**WHAT IS BEING ASKED**
All of the entries, apart from their pictures, are to be copied verbatim.

**SOURCE DATA**
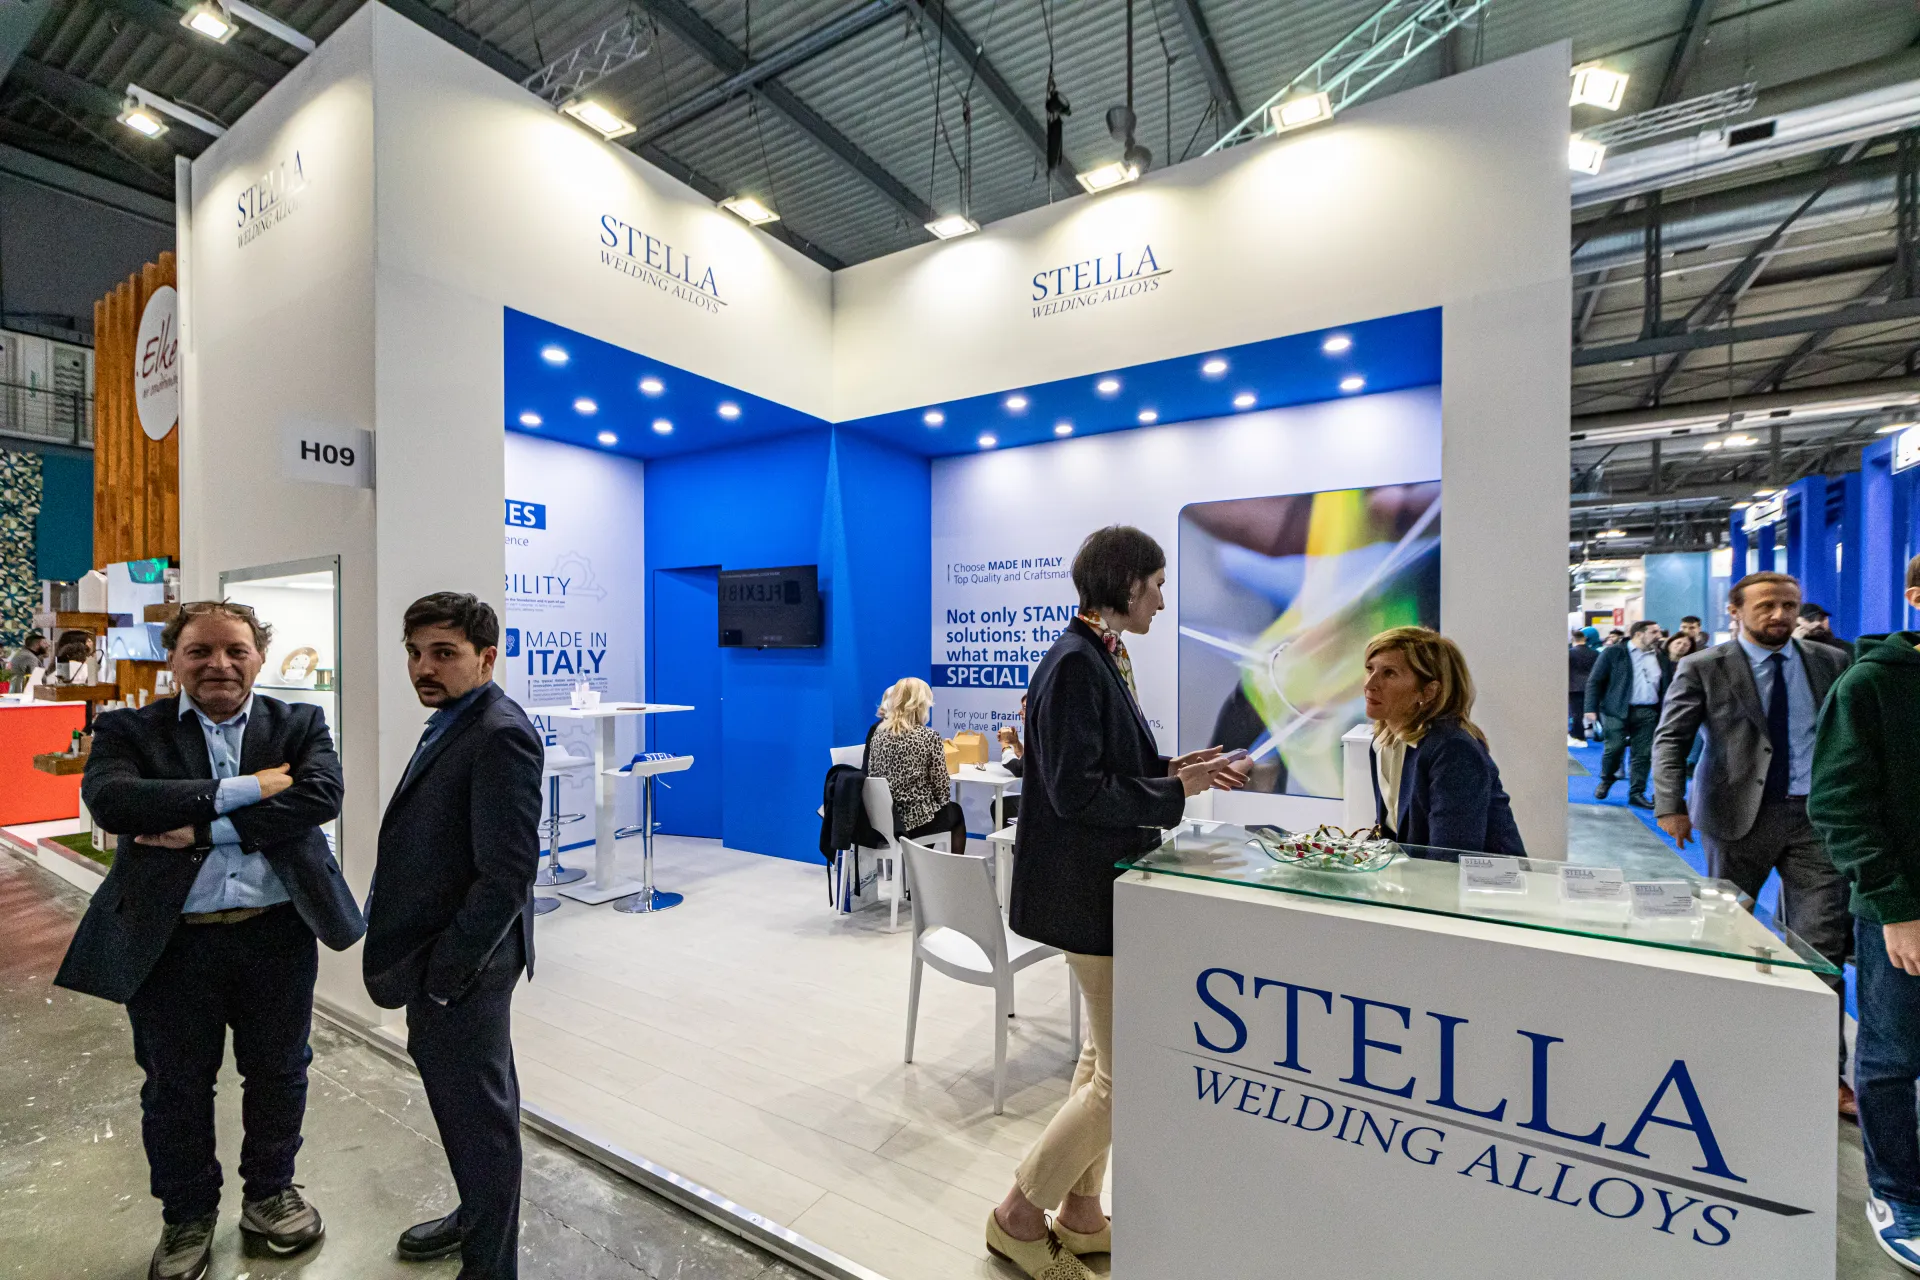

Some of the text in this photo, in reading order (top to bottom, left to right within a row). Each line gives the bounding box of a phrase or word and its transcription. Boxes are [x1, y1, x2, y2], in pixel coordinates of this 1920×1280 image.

[600, 213, 720, 298] STELLA
[600, 250, 720, 315] WELDING ALLOYS
[1032, 244, 1162, 302] STELLA
[1032, 276, 1161, 319] WELDING ALLOYS
[300, 439, 355, 467] H09
[505, 500, 536, 526] ES
[953, 563, 986, 573] Choose
[988, 559, 1018, 571] MADE
[1021, 558, 1032, 569] IN
[954, 574, 969, 585] Top
[971, 572, 1002, 585] Quality
[1004, 571, 1021, 582] and
[946, 609, 975, 624] Not
[981, 606, 1017, 627] only
[526, 631, 607, 648] MADE IN
[946, 625, 1067, 643] solutions: tha
[527, 649, 606, 676] ITALY
[946, 646, 988, 662] what
[946, 666, 1025, 686] SPECIAL
[953, 709, 967, 719] For
[968, 711, 988, 721] your
[953, 722, 966, 730] we
[968, 720, 989, 731] have
[644, 752, 674, 761] STEL
[1564, 869, 1594, 877] STELLA
[1193, 967, 1748, 1184] STELLA
[1192, 1065, 1740, 1248] WELDING ALLOYS

**ANSWER SPACE**
Some of the text in this photo, in reading order (top to bottom, left to right within a row). Each line gives the bounding box of a phrase or word and its transcription. Boxes are [x1, y1, x2, y2], in pixel coordinates of this 1920×1280 image.

[600, 213, 720, 298] STELLA
[600, 250, 720, 315] WELDING ALLOYS
[1032, 244, 1162, 302] STELLA
[1032, 276, 1161, 319] WELDING ALLOYS
[300, 439, 355, 467] H09
[505, 500, 536, 526] ES
[953, 563, 986, 573] Choose
[988, 559, 1018, 571] MADE
[1021, 558, 1032, 569] IN
[954, 574, 969, 585] Top
[971, 572, 1002, 585] Quality
[1004, 571, 1021, 582] and
[946, 609, 975, 624] Not
[981, 606, 1017, 627] only
[526, 631, 607, 648] MADE IN
[946, 625, 1067, 643] solutions: tha
[527, 649, 606, 676] ITALY
[946, 646, 988, 662] what
[946, 666, 1025, 686] SPECIAL
[953, 709, 967, 719] For
[968, 711, 988, 721] your
[953, 722, 966, 730] we
[968, 720, 989, 731] have
[644, 752, 674, 761] STEL
[1564, 869, 1594, 877] STELLA
[1193, 967, 1748, 1184] STELLA
[1192, 1065, 1740, 1248] WELDING ALLOYS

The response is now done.